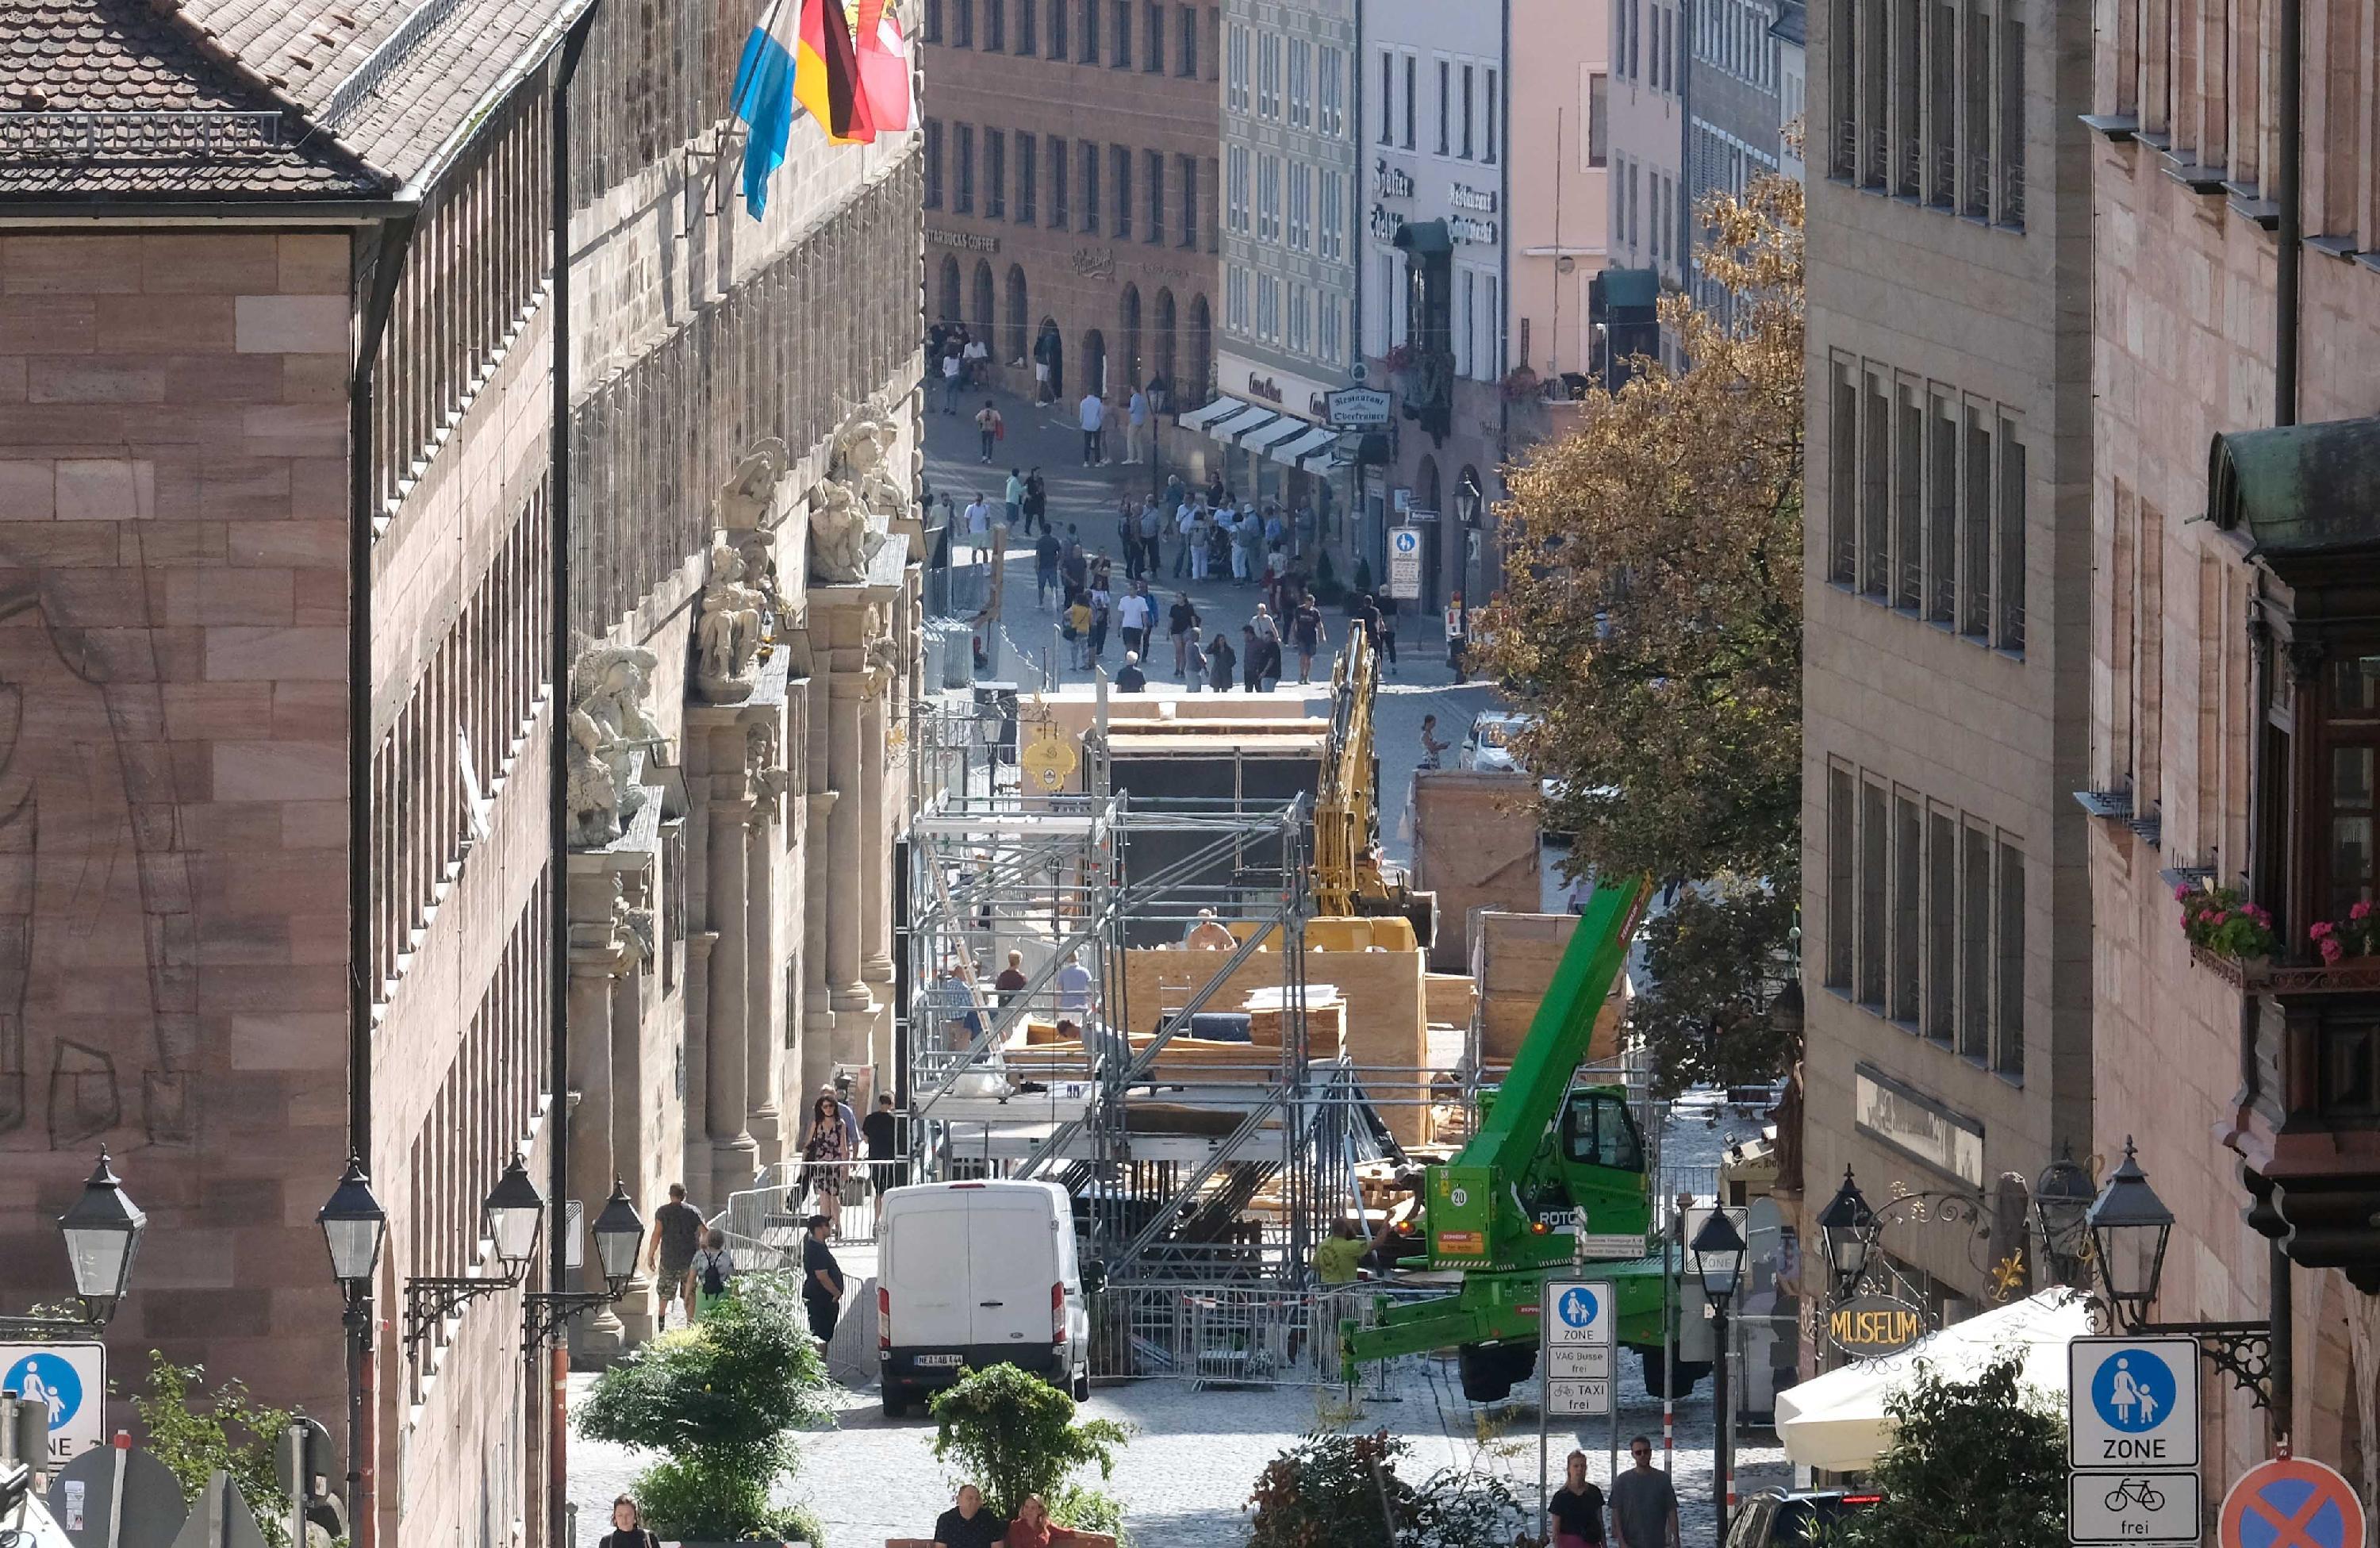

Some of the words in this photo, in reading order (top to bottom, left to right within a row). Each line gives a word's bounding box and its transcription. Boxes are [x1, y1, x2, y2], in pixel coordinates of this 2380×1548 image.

[924, 229, 966, 248] STARBUCKS
[968, 234, 996, 252] COFFEE
[1334, 395, 1384, 406] Restaurant
[1453, 1192, 1465, 1204] 20
[1831, 1311, 1917, 1343] MUSEUM
[1564, 1330, 1594, 1340] ZONE
[1556, 1351, 1574, 1361] VAG
[1576, 1351, 1603, 1361] Busse
[1572, 1364, 1587, 1373] frei
[1578, 1385, 1604, 1396] TAXI
[1568, 1400, 1589, 1410] frei
[48, 1438, 72, 1456] NE
[2103, 1439, 2167, 1458] ZONE
[2121, 1520, 2149, 1535] frei

● ACTIVITY
Please transcribe the listing exactly as it stands, but omit its pictures.

● TASK RESPONSE
Some of the words in this photo, in reading order (top to bottom, left to right within a row). Each line gives a word's bounding box and its transcription. Boxes are [x1, y1, x2, y2], in pixel coordinates of this 2380×1548 image.

[924, 229, 966, 248] STARBUCKS
[968, 234, 996, 252] COFFEE
[1334, 395, 1384, 406] Restaurant
[1453, 1192, 1465, 1204] 20
[1831, 1311, 1917, 1343] MUSEUM
[1564, 1330, 1594, 1340] ZONE
[1556, 1351, 1574, 1361] VAG
[1576, 1351, 1603, 1361] Busse
[1572, 1364, 1587, 1373] frei
[1578, 1385, 1604, 1396] TAXI
[1568, 1400, 1589, 1410] frei
[48, 1438, 72, 1456] NE
[2103, 1439, 2167, 1458] ZONE
[2121, 1520, 2149, 1535] frei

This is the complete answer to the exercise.